(Image-backed grounding data)

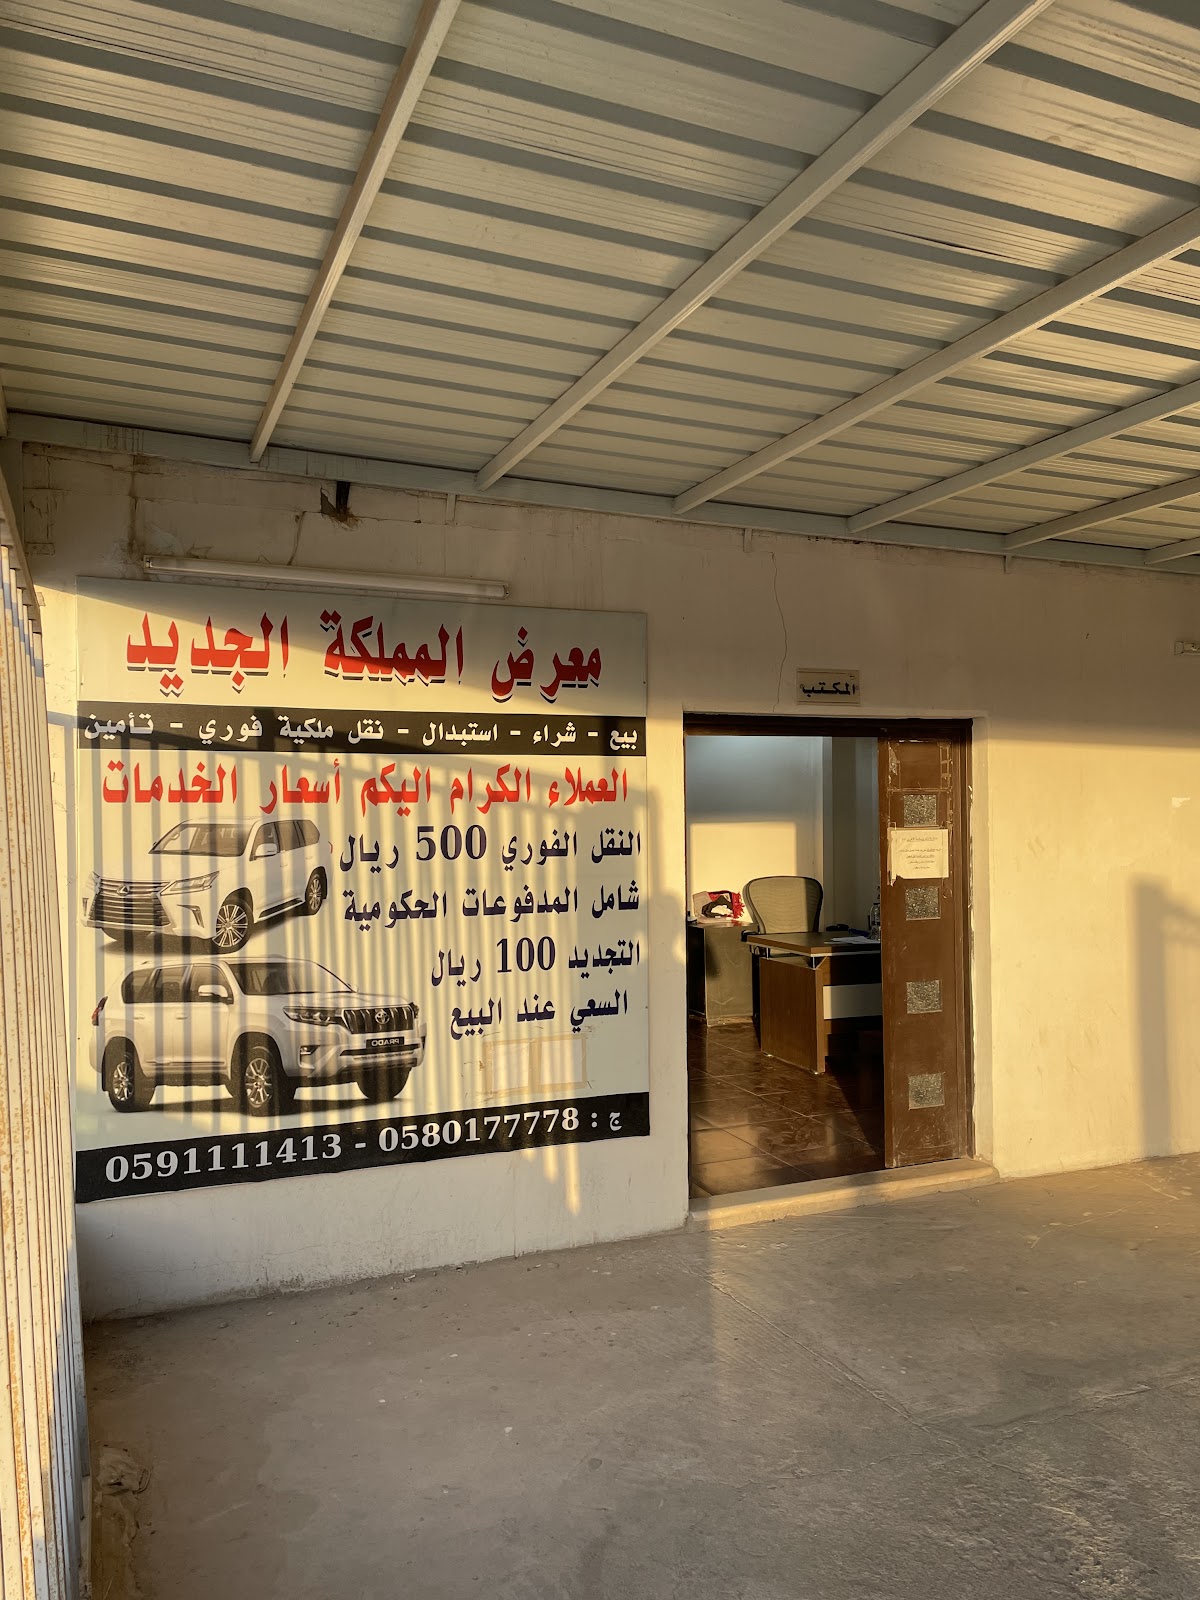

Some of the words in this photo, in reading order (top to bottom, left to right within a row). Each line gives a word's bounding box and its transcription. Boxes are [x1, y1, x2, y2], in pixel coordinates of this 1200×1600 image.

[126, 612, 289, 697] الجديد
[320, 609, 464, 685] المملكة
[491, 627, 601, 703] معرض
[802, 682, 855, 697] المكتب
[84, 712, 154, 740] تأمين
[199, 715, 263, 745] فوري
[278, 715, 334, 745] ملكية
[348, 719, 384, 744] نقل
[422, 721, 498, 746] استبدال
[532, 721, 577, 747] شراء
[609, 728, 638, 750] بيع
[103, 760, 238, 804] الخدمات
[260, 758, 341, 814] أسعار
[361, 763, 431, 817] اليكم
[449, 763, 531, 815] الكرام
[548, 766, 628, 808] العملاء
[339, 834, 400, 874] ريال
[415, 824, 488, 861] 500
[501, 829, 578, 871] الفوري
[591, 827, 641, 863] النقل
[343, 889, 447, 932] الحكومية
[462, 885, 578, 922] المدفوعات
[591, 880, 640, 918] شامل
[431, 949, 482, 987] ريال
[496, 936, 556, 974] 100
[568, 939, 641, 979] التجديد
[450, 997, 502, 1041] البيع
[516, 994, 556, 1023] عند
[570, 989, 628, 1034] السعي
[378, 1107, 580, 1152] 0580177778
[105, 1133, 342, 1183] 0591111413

* [What this task involves]
Wherever an image appears, omit it; copy the rest of the records exactly.

* [Result for this exercise]
Some of the words in this photo, in reading order (top to bottom, left to right within a row). Each line gives a word's bounding box and its transcription. Boxes are [x1, y1, x2, y2], in pixel coordinates of this 1200×1600 image.

[126, 612, 289, 697] الجديد
[320, 609, 464, 685] المملكة
[491, 627, 601, 703] معرض
[802, 682, 855, 697] المكتب
[84, 712, 154, 740] تأمين
[199, 715, 263, 745] فوري
[278, 715, 334, 745] ملكية
[348, 719, 384, 744] نقل
[422, 721, 498, 746] استبدال
[532, 721, 577, 747] شراء
[609, 728, 638, 750] بيع
[103, 760, 238, 804] الخدمات
[260, 758, 341, 814] أسعار
[361, 763, 431, 817] اليكم
[449, 763, 531, 815] الكرام
[548, 766, 628, 808] العملاء
[339, 834, 400, 874] ريال
[415, 824, 488, 861] 500
[501, 829, 578, 871] الفوري
[591, 827, 641, 863] النقل
[343, 889, 447, 932] الحكومية
[462, 885, 578, 922] المدفوعات
[591, 880, 640, 918] شامل
[431, 949, 482, 987] ريال
[496, 936, 556, 974] 100
[568, 939, 641, 979] التجديد
[450, 997, 502, 1041] البيع
[516, 994, 556, 1023] عند
[570, 989, 628, 1034] السعي
[378, 1107, 580, 1152] 0580177778
[105, 1133, 342, 1183] 0591111413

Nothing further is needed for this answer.